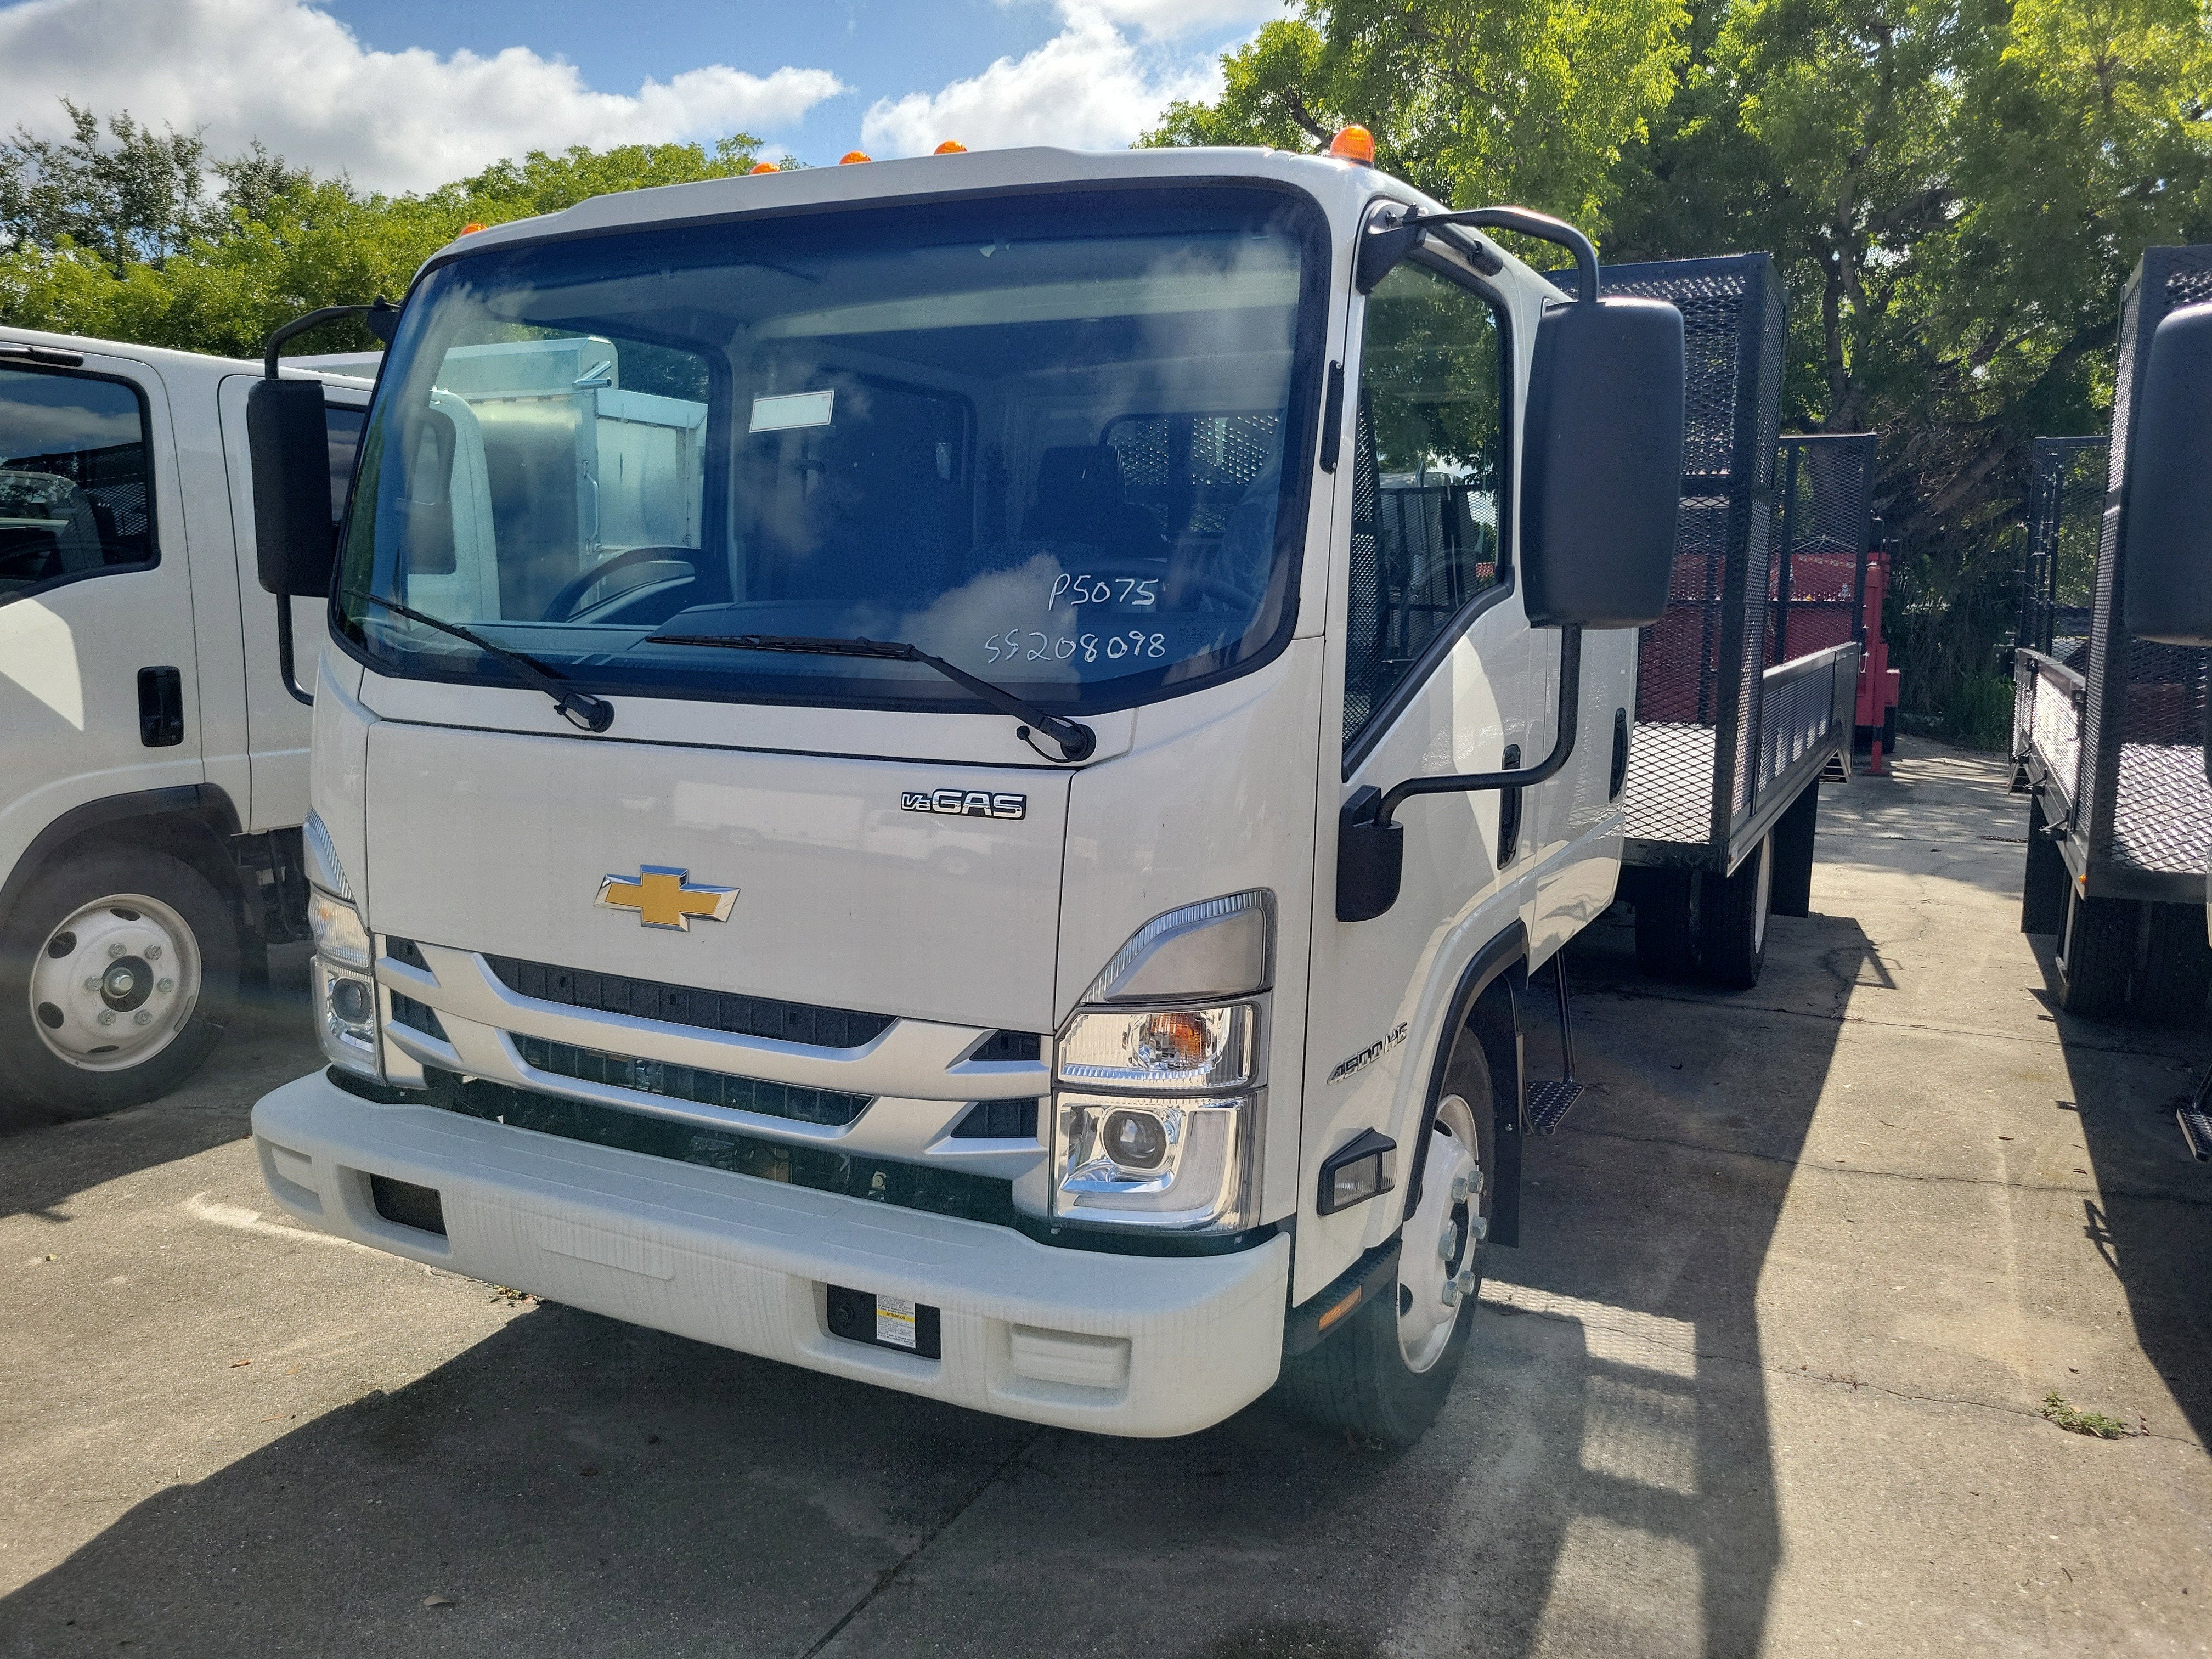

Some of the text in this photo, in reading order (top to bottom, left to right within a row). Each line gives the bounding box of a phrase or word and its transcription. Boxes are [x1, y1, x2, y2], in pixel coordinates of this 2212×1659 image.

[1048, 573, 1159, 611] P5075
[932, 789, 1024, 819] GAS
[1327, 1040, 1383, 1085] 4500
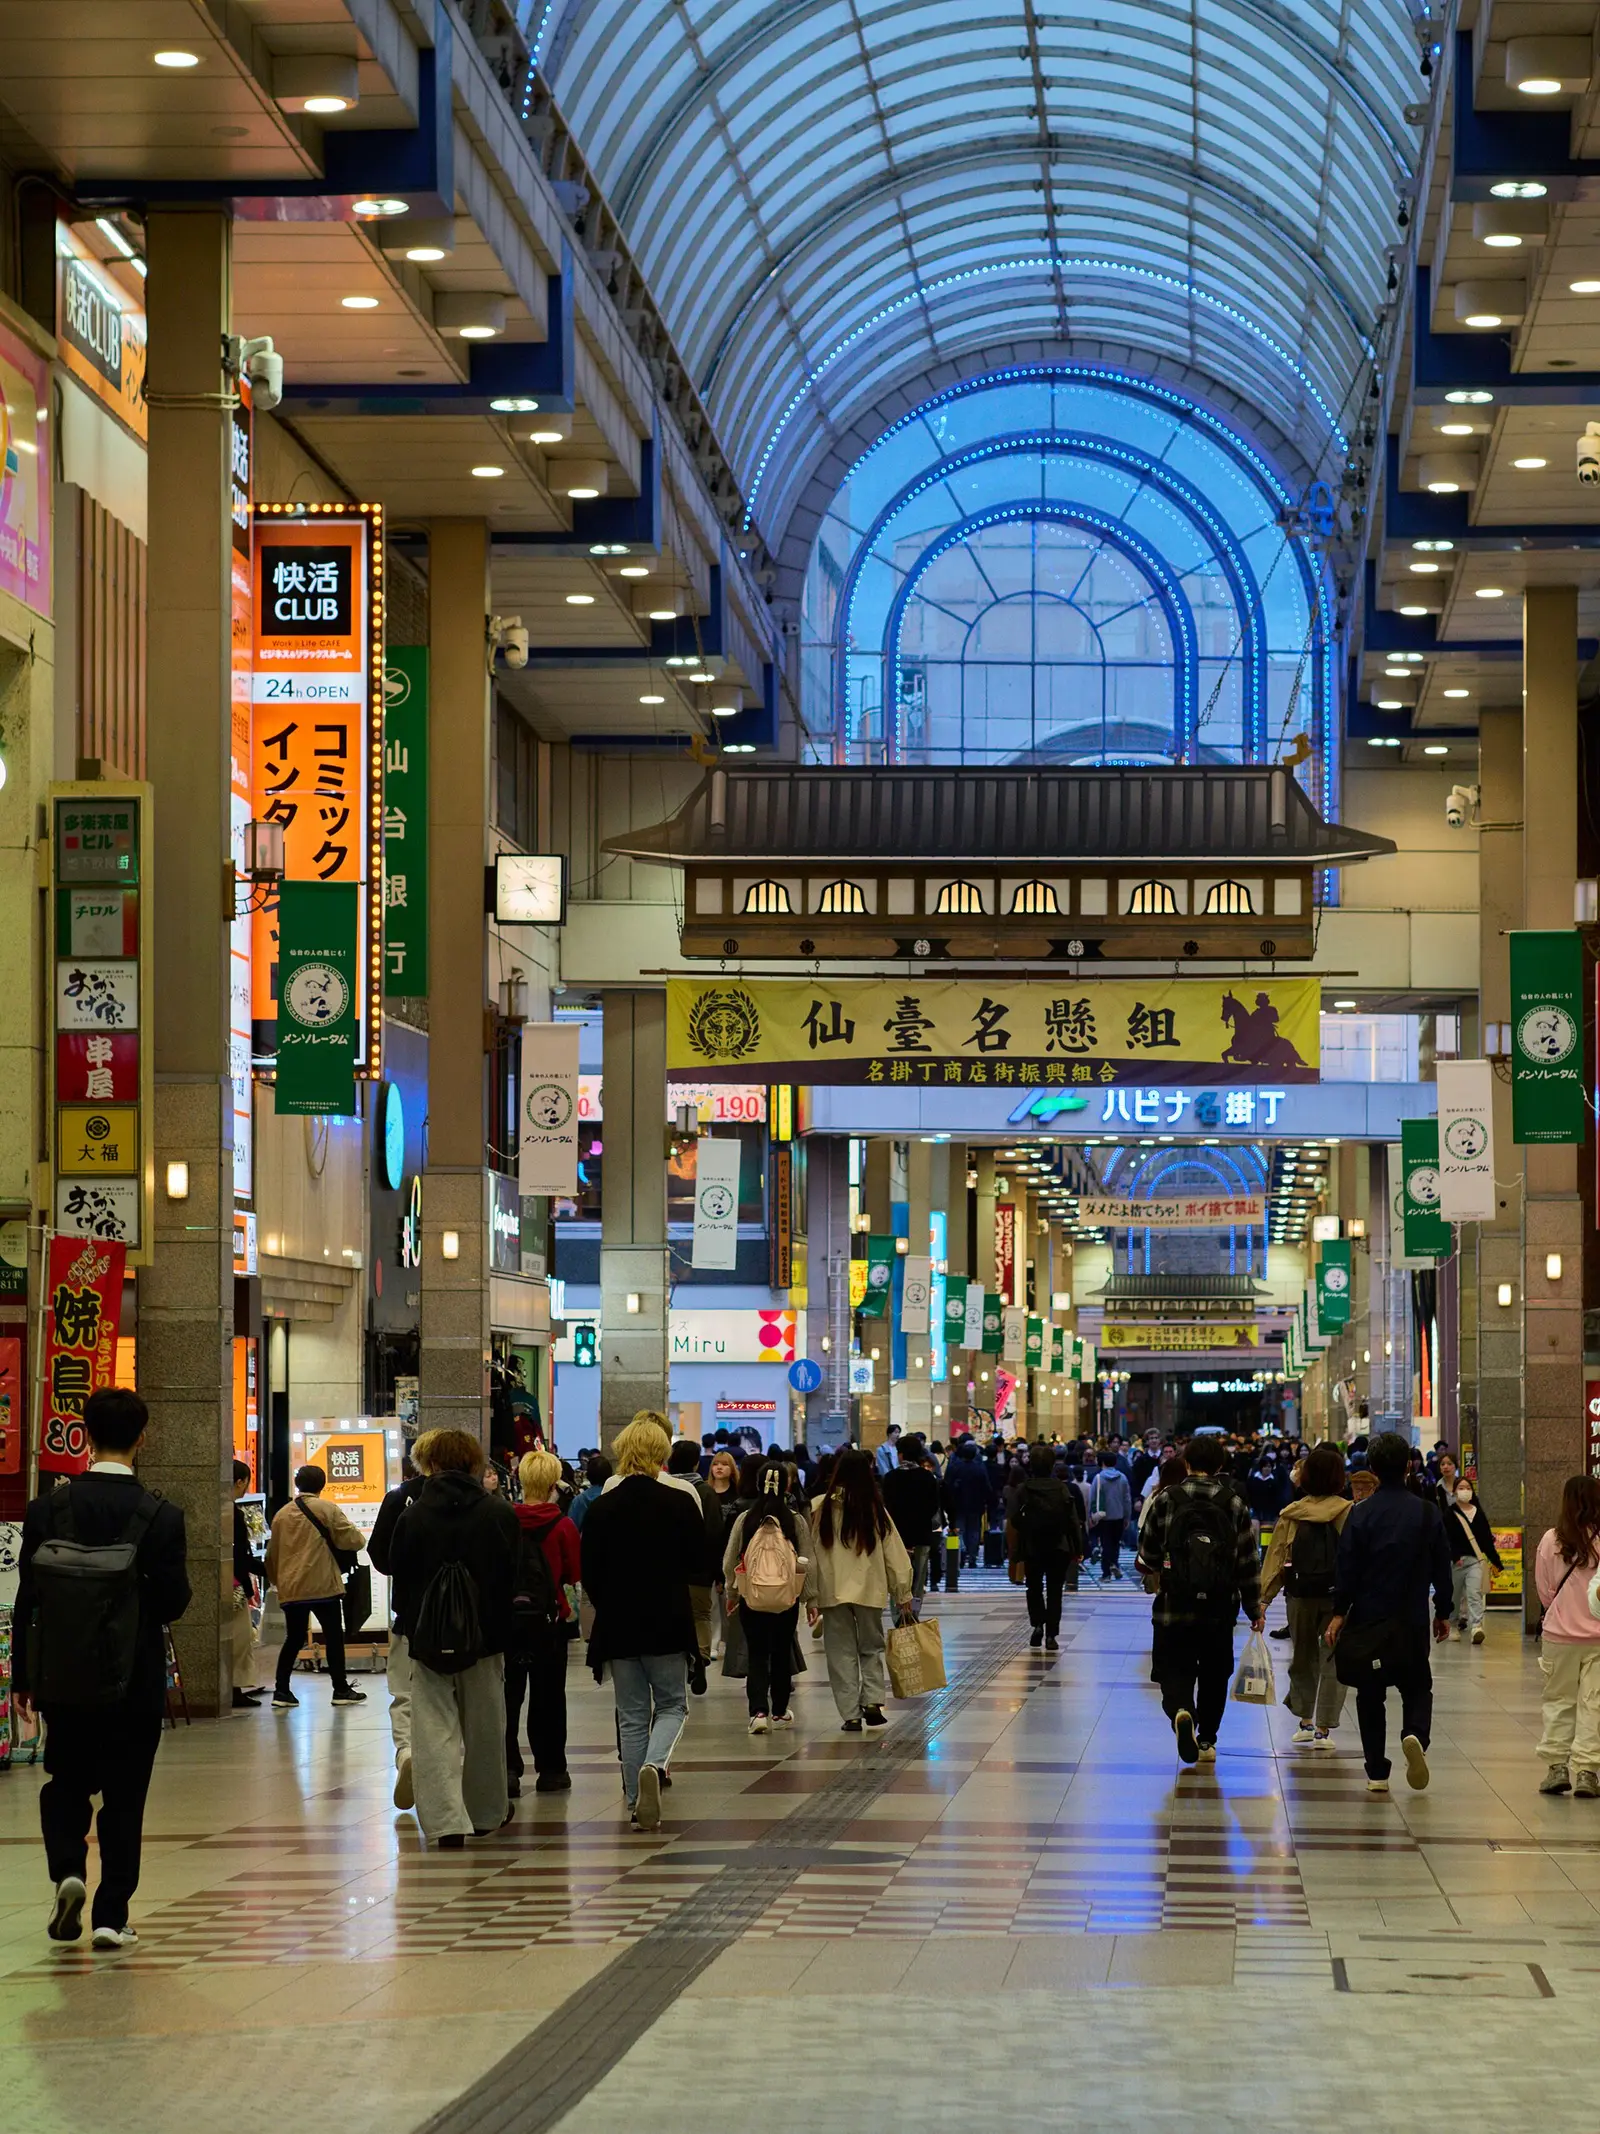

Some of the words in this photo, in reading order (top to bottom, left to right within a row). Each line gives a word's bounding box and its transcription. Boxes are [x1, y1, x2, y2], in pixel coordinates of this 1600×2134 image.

#### WORK REQUEST:
Every entry above is to be transcribed exactly, with all pictures left out.

#### YOUR SOLUTION:
Some of the text in this photo, in reading order (top to bottom, left to right within a row). Each line gives the bounding box of a phrase or word and its transcription. Boxes are [x1, y1, x2, y2], in pixel coordinates of this 2212×1659 image.

[1048, 573, 1159, 611] P5075
[932, 789, 1024, 819] GAS
[1327, 1040, 1383, 1085] 4500

Some of the words in this photo, in reading order (top to bottom, left to right within a row). Each line gives a word's bounding box and its transcription. Boxes are [x1, y1, x2, y2], in pixel coordinates of this 1600×2134 image.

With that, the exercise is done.